I wound up a bit confused by Bring Your Own Brigade. Indeed even the title is confusing. It seems to refer to the wealth of some Malibu residents, which is so great they can afford to finance private firefighting teams (their "own brigade") to save their own properties from destruction. But this is not the main drift of the film and leaves one wondering why it was chosen as the name of it. Nonetheless, however messy this film is compared to Ron Howard's neatly organized one, this is a stimulating, searching exploration of a huge subject.
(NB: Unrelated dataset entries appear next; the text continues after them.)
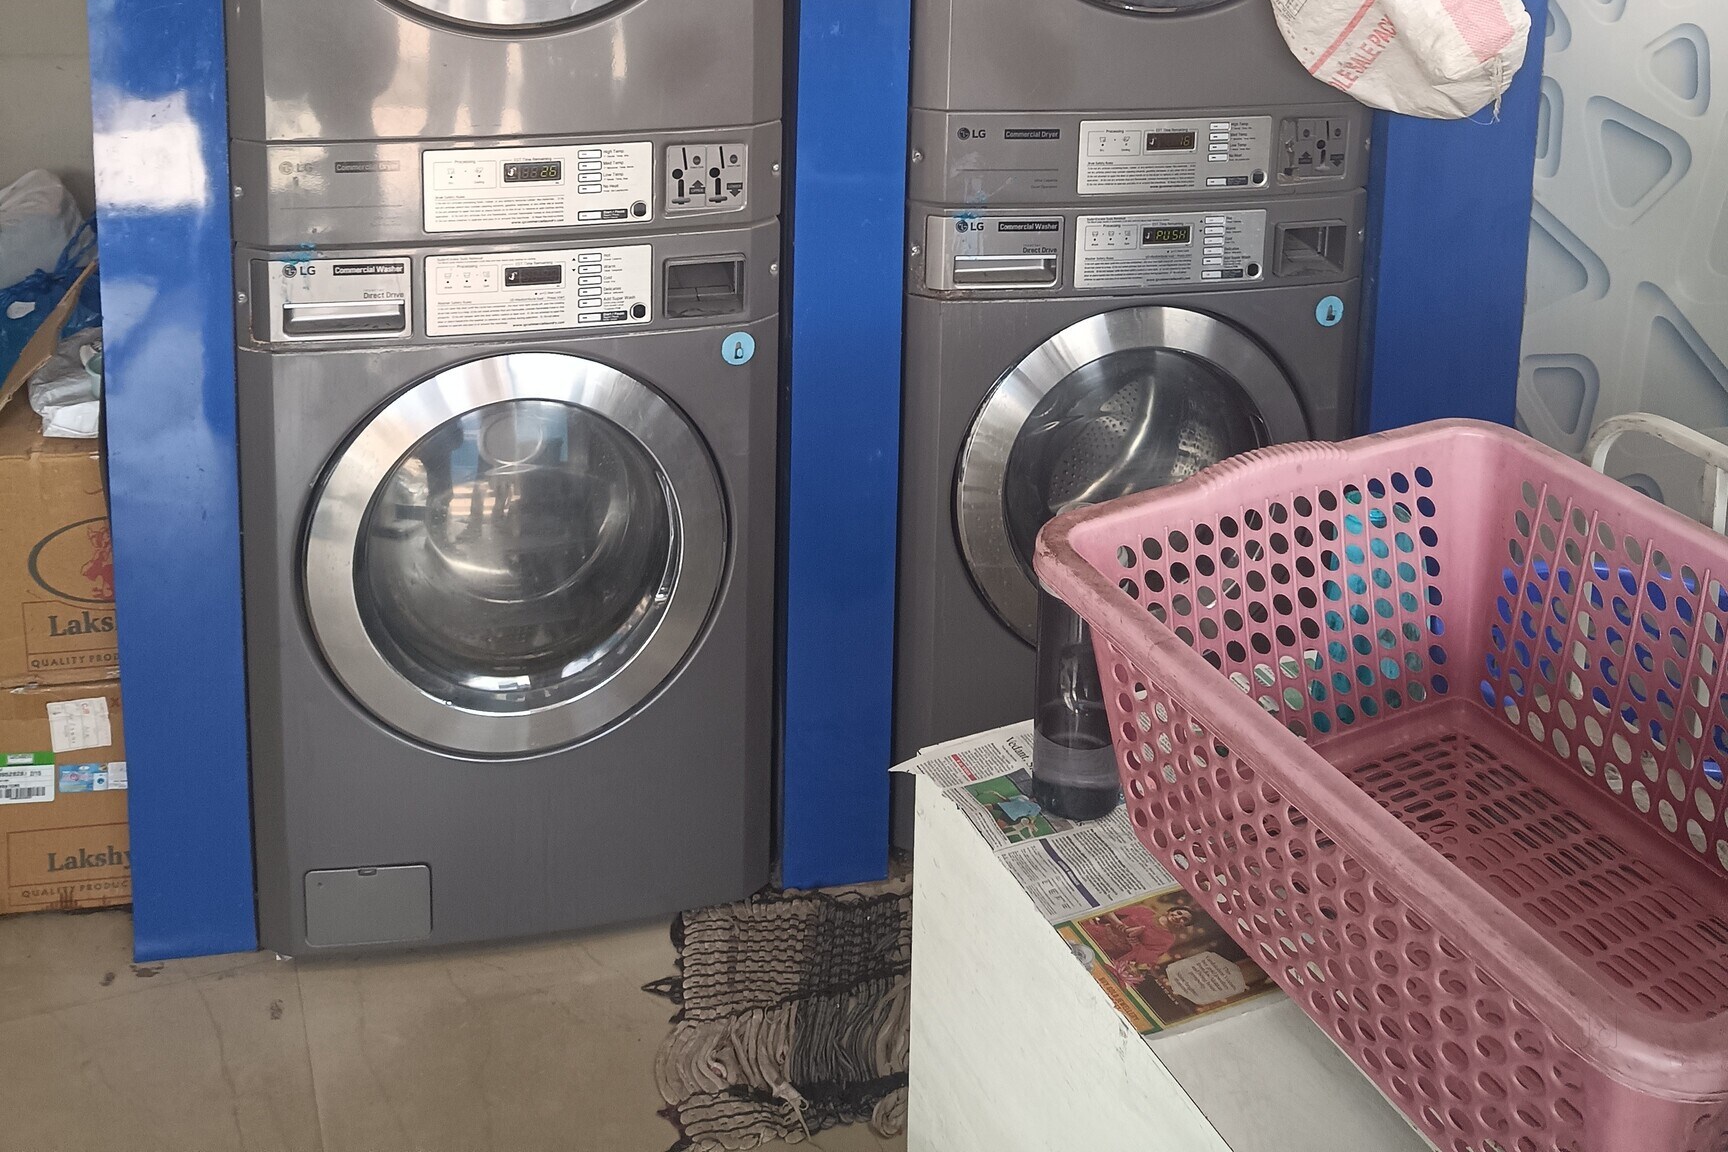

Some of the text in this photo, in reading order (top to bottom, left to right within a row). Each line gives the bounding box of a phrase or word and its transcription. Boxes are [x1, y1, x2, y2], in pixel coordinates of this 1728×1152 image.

[1344, 42, 1382, 74] SALE
[972, 129, 986, 138] LG
[1005, 130, 1059, 138] Commercial Dryer
[970, 222, 984, 231] LG
[1155, 229, 1187, 241] PUSH
[300, 266, 316, 276] LG
[334, 265, 404, 275] Commercial Washer
[386, 291, 405, 299] Drive
[48, 611, 117, 637] Laks
[31, 655, 85, 668] QUALITY
[21, 886, 75, 898] QUALITY
Now, is global warming the main culprit or isn't it? Walker makes clear enough that there are many factors. Her film is excellent in the experts she provides, with very different orientations, who talk about this. One thing explained in detail is that the location of both Paradise and Malibu sets them up to be exposed to fires every few years, or at least every decade or so - perhaps now increasingly often. One factor a scoffing Malibu architect resident points out is "dumb" construction. His house with its sound use of materials and design did not ignite, while it's surrounded by dozens of houses, ranch style or Tuscan villas or whatever, that burned to the ground because their architecture was chosen for purely emotional reasons and they were very badly made for a fire zone.
Similarly, surroundings and detailing of houses are willfully ill chosen in places that have seen repeated destruction by fire. We see the town of Paradise have a meeting in which citizens and the city counsel members all vote to reject every single one of the fire department's recommendations to protect their houses, the most important one being a five-foot clear zone around their buildings. Flowers and bushes were too dear for them to protect themselves from their house burning down. Doing away with gutters and overhanging roofs, both accoutrements that cause houses to ignite - was also summarily rejected.
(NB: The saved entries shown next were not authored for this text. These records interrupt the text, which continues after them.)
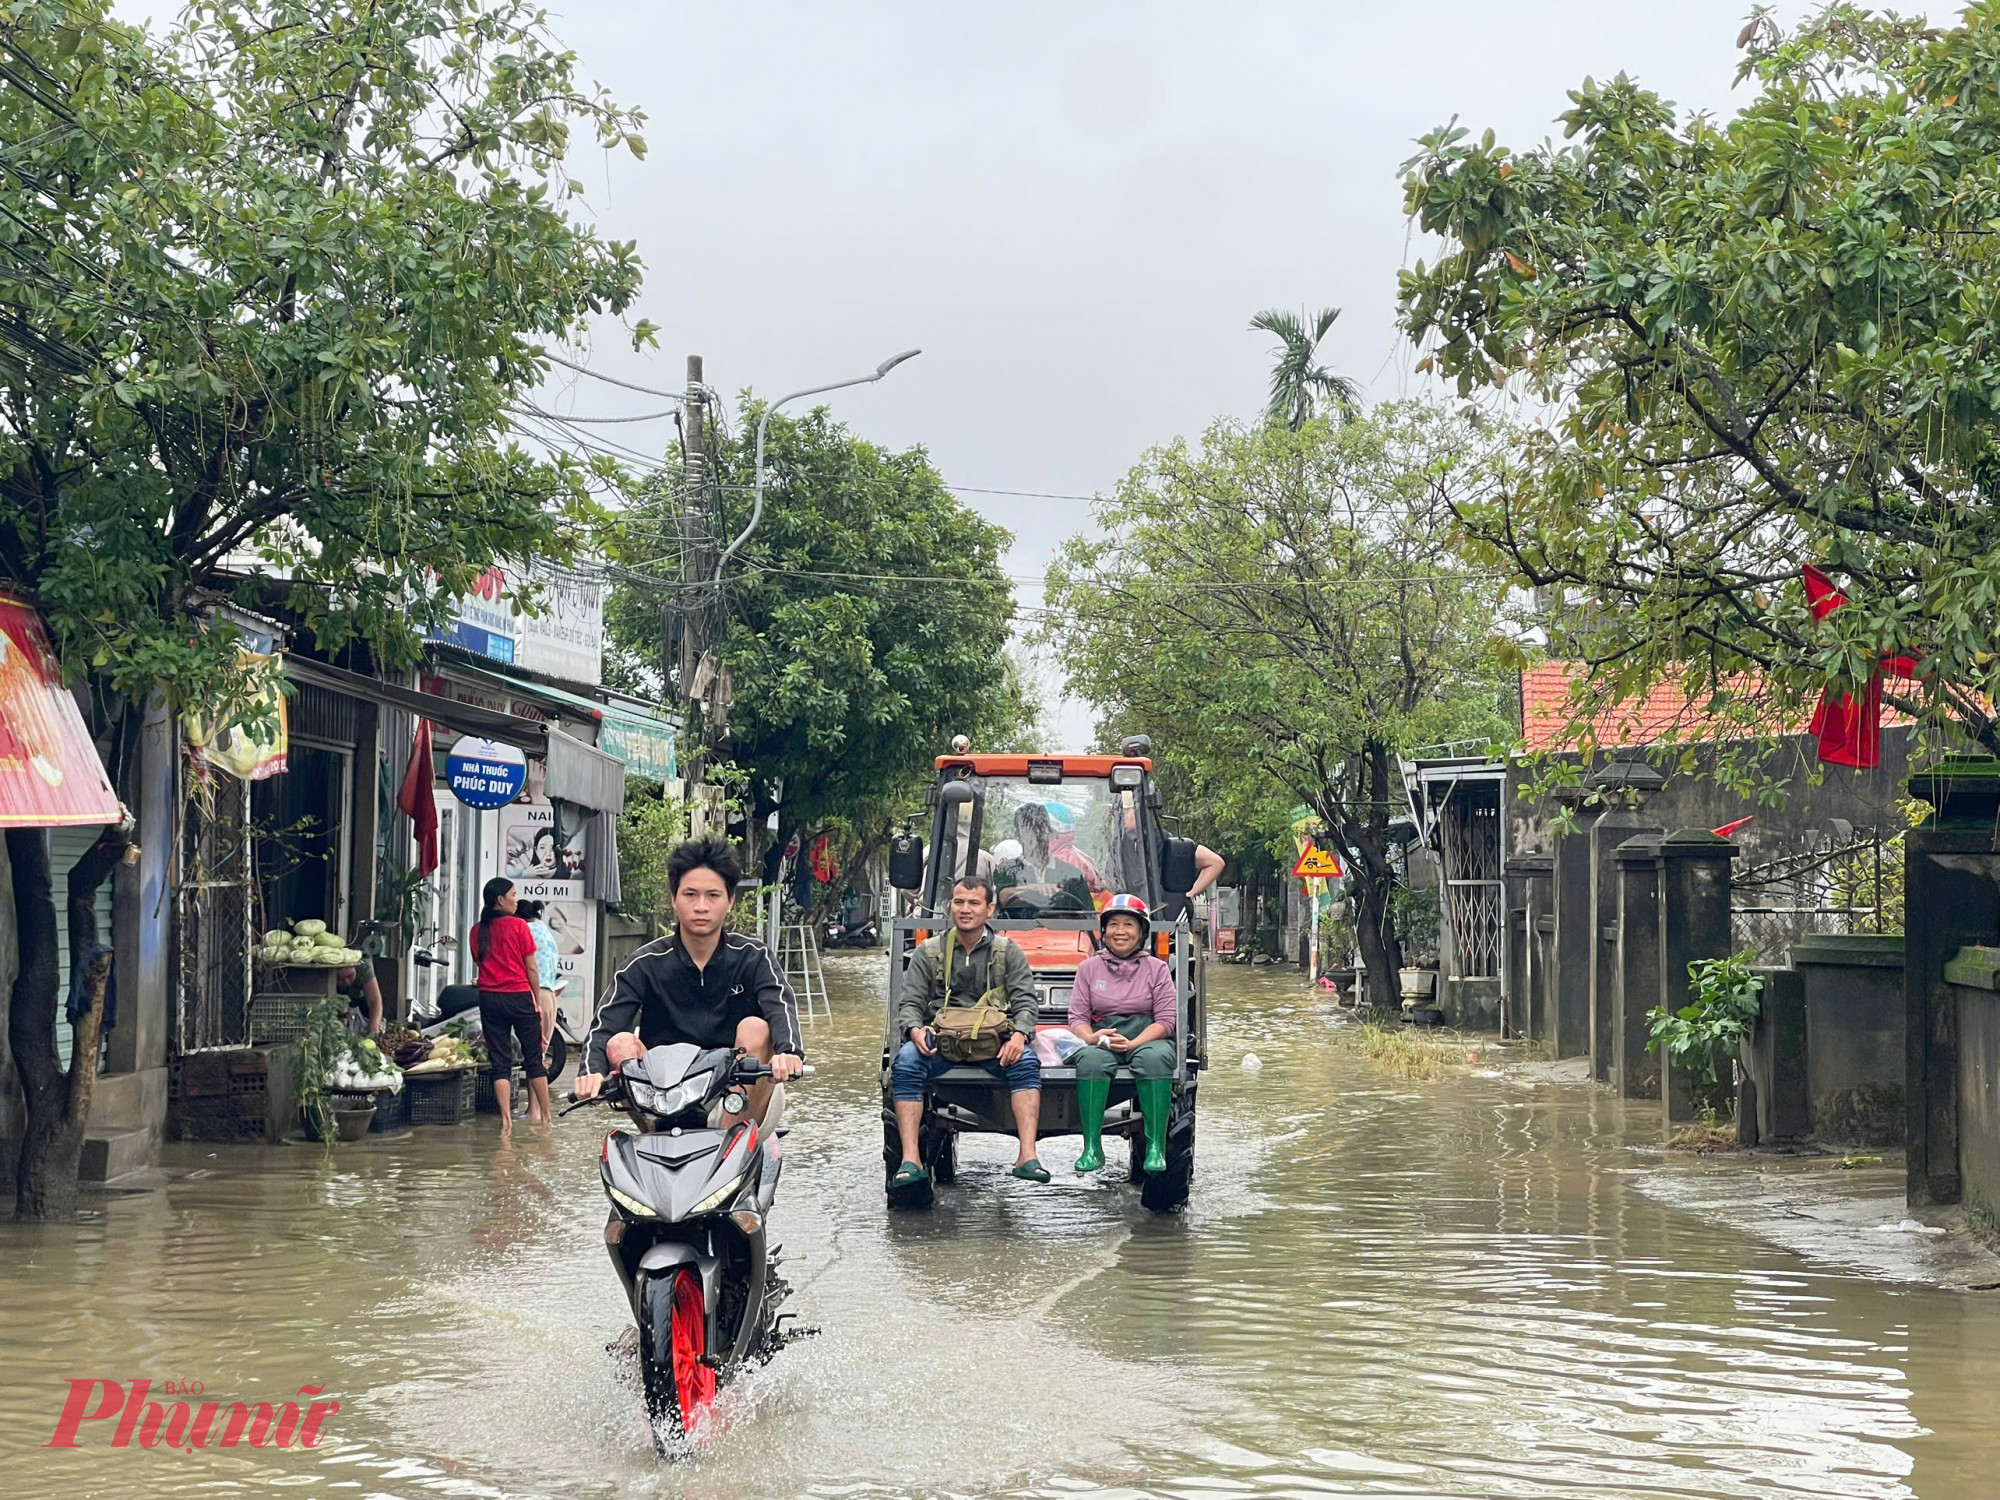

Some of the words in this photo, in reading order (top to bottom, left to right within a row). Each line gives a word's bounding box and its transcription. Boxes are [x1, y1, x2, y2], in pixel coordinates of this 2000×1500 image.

[462, 762, 480, 774] NHÀ
[482, 764, 509, 777] THUỐC
[453, 775, 486, 792] PHÚC
[488, 780, 514, 795] DUY
[528, 811, 552, 821] NAI
[524, 882, 548, 896] NỐI
[553, 886, 569, 896] MI
It is incidentally a clear contrast politically between Malibu, with its properties averaging $3 million in value, and which is liberal democratic, and the relatively low-income Paradise, average house value $200,000, and which is predominantly Trump-supporting republican - some of whom definitely don't believe that climate change is a real thing. This relates to the town meeting: Paradise residents have a self-destructive obsession with "individualism" against the recommendations of authorities and experts which Lucy Walker states herself unsympathetic to and uncomprehending of as a European. When you have a population who think individual liberty enables them to reject scientific fact, what can you do?
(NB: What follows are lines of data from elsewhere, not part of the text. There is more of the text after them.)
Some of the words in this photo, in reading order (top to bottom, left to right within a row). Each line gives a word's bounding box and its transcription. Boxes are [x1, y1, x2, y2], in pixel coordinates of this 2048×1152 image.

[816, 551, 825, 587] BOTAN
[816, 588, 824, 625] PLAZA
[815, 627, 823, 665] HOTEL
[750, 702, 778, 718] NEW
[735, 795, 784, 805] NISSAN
Another major factor in the case of Paradise is what Walker's film shows to be a whole complicated system of disastrous and dangerous land and woodland management by government and timber companies, notably clearcutting by the huge Sierra Pacific Industries, that led to increasingly dense forestation of smaller trees and depletion of fire resistant large trees and shrubbery that made all the land around a tinderbox. After each fire the tendency has been to go in and replant more young trees and create denser forestation.
The film contrasts the wrongheaded forest management with traditional Native American use of fire to remove periodically dangerous fire-starting underbrush. Historical background is provided to show the white man rejected fire-protection fires by Native Americans from when they first encountered them. The Gold Rush beginnings of the California land boom, it's explained, brought policies of careless, impatient, destructive land development that fostered fire danger. On the other hand, there are scientific voices here to state sophisticated understanding of the eternally important positive role played in the ecosystem of fire.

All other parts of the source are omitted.